The young woman boarded a flight to the city of Vienna this morning to continue her trip to Warsaw, the final destination where she will meet her husband who fled to Ukraine. Tsimanouskaya was one of more than 2,000 sports figures from Belarus who signed an open letter calling for new elections and the release of political prisoners.

But Tsimanouskaya was not the only one. In these Olympic Games, the Venezuelan Eldric Sella, who participated in the Olympic Team of Refugee Athletes, denied entry to Trinidad and Tobago, country where he resided since 2018 due to having an expired passport. Now, process your political asylum in Canada. “I notify that we have formally requested (the United Nations High Commissioner for Refugees) UNHCR to activate humanitarian resettlement protocols so that our compatriot the Olympic boxer Eldric Sella (24 years old) is received in Canada”, reported in this way the Venezuelan opponent Orlando Viera-Blanco, Juan Guaidó’s ambassador to the North American country.
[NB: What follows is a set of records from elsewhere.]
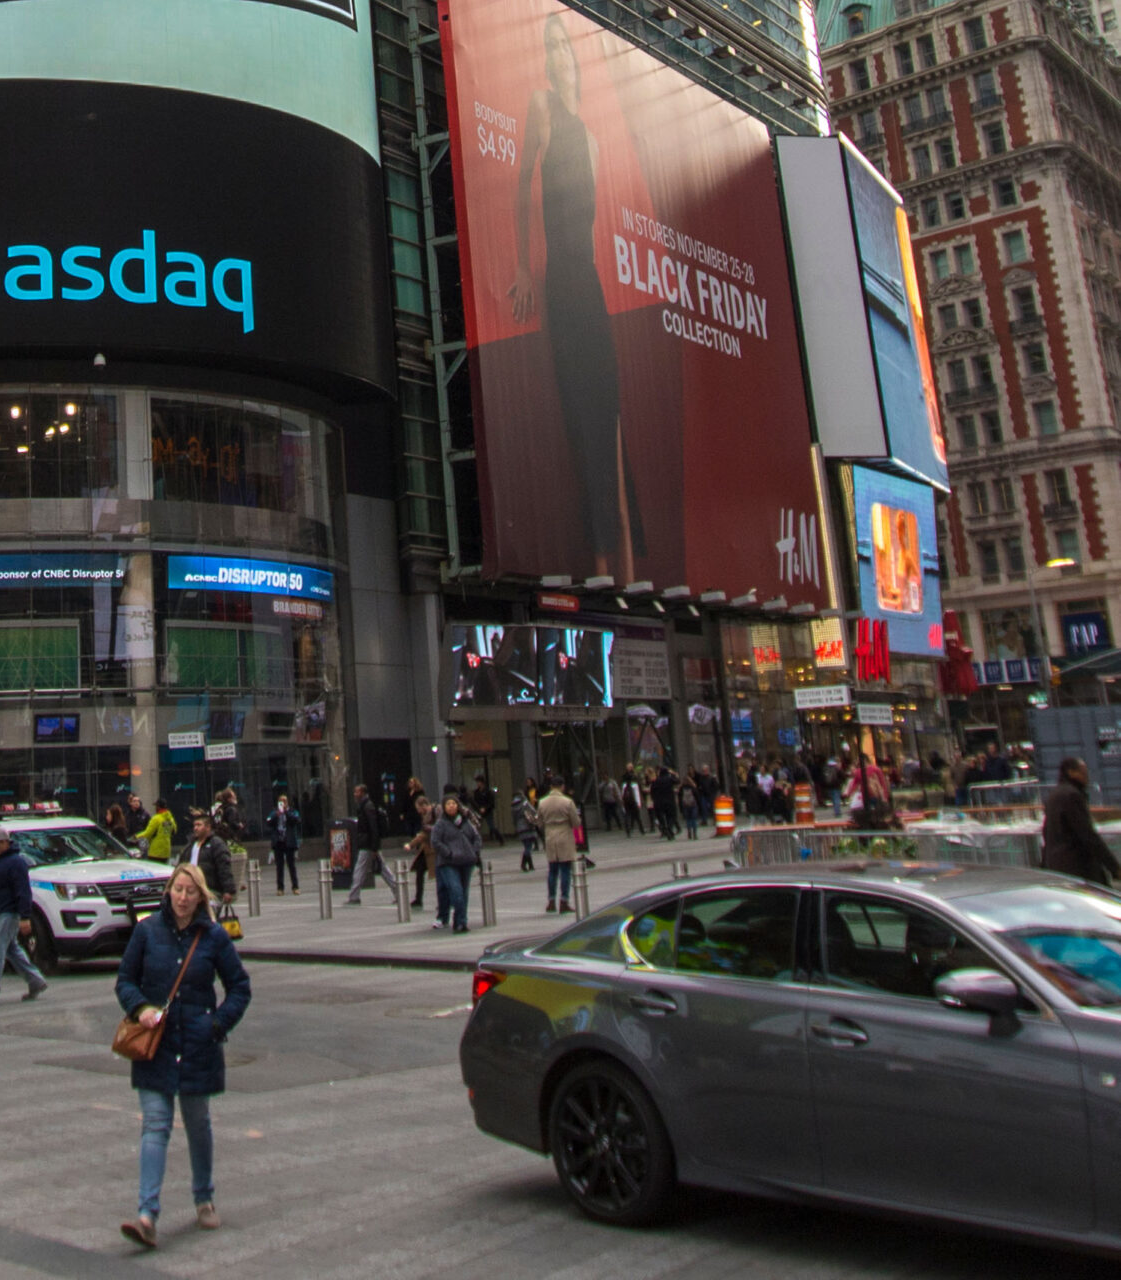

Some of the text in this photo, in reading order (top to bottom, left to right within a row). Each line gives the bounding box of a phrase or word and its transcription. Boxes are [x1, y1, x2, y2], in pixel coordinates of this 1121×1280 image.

[474, 101, 516, 134] BODYSUIT
[477, 123, 516, 166] $4.99
[621, 206, 755, 286] IN STORES NOVEMBER 25-28
[614, 234, 768, 341] BLACK FRIDAY
[662, 309, 742, 359] COLLECTION
[776, 507, 821, 591] H&M
[31, 569, 41, 579] of
[43, 569, 70, 579] CNBC
[72, 569, 114, 580] Disruptor
[218, 567, 287, 588] DISRUPTOR
[289, 573, 303, 591] 50
[855, 618, 891, 684] H&M
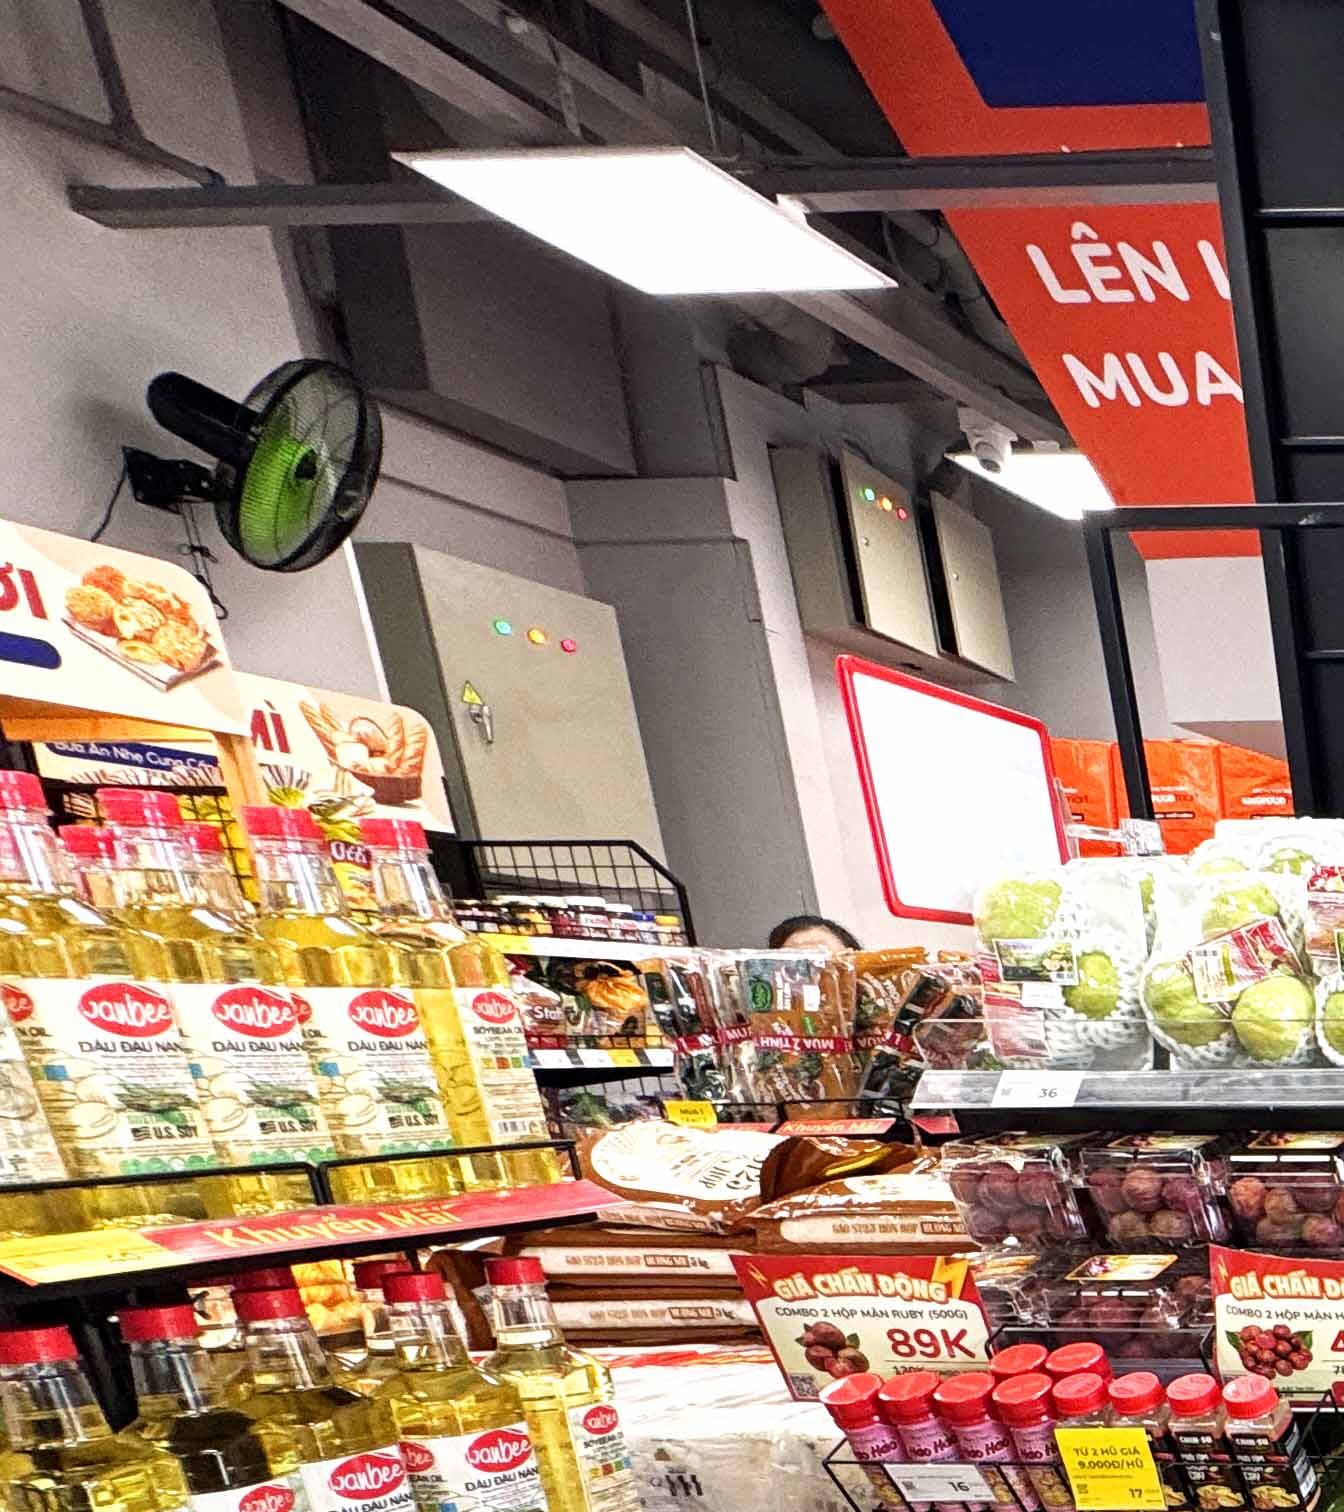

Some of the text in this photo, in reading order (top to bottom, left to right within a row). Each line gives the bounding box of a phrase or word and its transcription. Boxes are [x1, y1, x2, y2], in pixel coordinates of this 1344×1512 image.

During the JJ. OO. from Atlanta, is the United States, in 1996, three Cuban athletes defected from the delegation, which entered the competition with 170 athletes. Two boxers and the baseball player, Rolando Arrojo, fled the dictatorship of Fidel Castro and they asked for asylum in the US Castro, in response, accused the United States of trying to demoralize his team. “Throughout the Revolution we have had Judas in all sectors, and among them in the athletic sector, which is where the people hurt the most,” said Fidel Castro after hearing the news.
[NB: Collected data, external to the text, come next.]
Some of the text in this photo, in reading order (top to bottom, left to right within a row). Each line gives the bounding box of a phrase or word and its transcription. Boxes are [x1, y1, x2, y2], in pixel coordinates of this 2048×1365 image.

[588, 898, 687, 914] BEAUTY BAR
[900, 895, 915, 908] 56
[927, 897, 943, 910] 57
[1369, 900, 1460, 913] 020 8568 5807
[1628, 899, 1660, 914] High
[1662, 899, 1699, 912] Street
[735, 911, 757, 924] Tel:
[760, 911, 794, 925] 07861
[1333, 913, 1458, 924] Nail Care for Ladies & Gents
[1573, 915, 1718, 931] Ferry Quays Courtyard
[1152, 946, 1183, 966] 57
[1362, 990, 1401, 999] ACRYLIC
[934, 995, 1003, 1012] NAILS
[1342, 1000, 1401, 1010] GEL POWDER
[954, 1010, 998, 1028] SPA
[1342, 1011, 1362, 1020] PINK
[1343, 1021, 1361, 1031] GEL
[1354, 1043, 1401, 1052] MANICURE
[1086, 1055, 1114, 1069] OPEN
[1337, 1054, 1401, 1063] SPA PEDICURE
A similar situation was experienced in 2007, when three Cuban athletes attended the Pan American Games in Rio de Janeiro and ended up seeking political asylum. In 2012, five Cuban basketball players took advantage of a tournament in Puerto Rico to ask for asylum at the US embassy According to the portal El Observador de Uruguay, “the country that has had the most defending athletes in recent years” is Cuba. During the Toronto Pan American Games (2015), at least 28 athletes were reported who did the same.

Communist propaganda

After his participation in the Olympics in Montreal in 1976, his fame and worldwide recognition made him Romanian ex-gymnast, Nadia Comaneci, consecrated with the “perfect 10”, she considered fleeing the communist regime of Nicolae Ceausescu, who on his return used her as a political instrument. But it wasn’t until November 1989 that he fled Romania across the border to Hungary, continued to Austria, and ended up applying for political asylum in the United States. The admiration that aroused served as propaganda of the communist regime, from which he suffered a harsh sentence in the form of a strict control.

According to Deutsche Welle, the first desertion case occurred in the London Olympics 1948. Then, the coach of the Czechoslovak women’s gymnastics team refused to return to her country, accusing that there was no freedom there after it became a satellite of the then Soviet Union. Then, in 1956, at the Melbourne Olympics, almost half of the Hungarian team – made up of 100 people – defected after the Soviets crushed demonstrations in the country.

Along the same lines, at the 1980 Moscow Olympics, “five members of the Afghan delegation defected” after the USSR invaded their country.

The New York Times recalls some figures: at the London 2012 Olympic Games, “82 athletes and officials” applied to the UK for asylum. Similarly, taking advantage of the 2014 Brazil Soccer World Cup, 200 people from Ghana asked for refuge.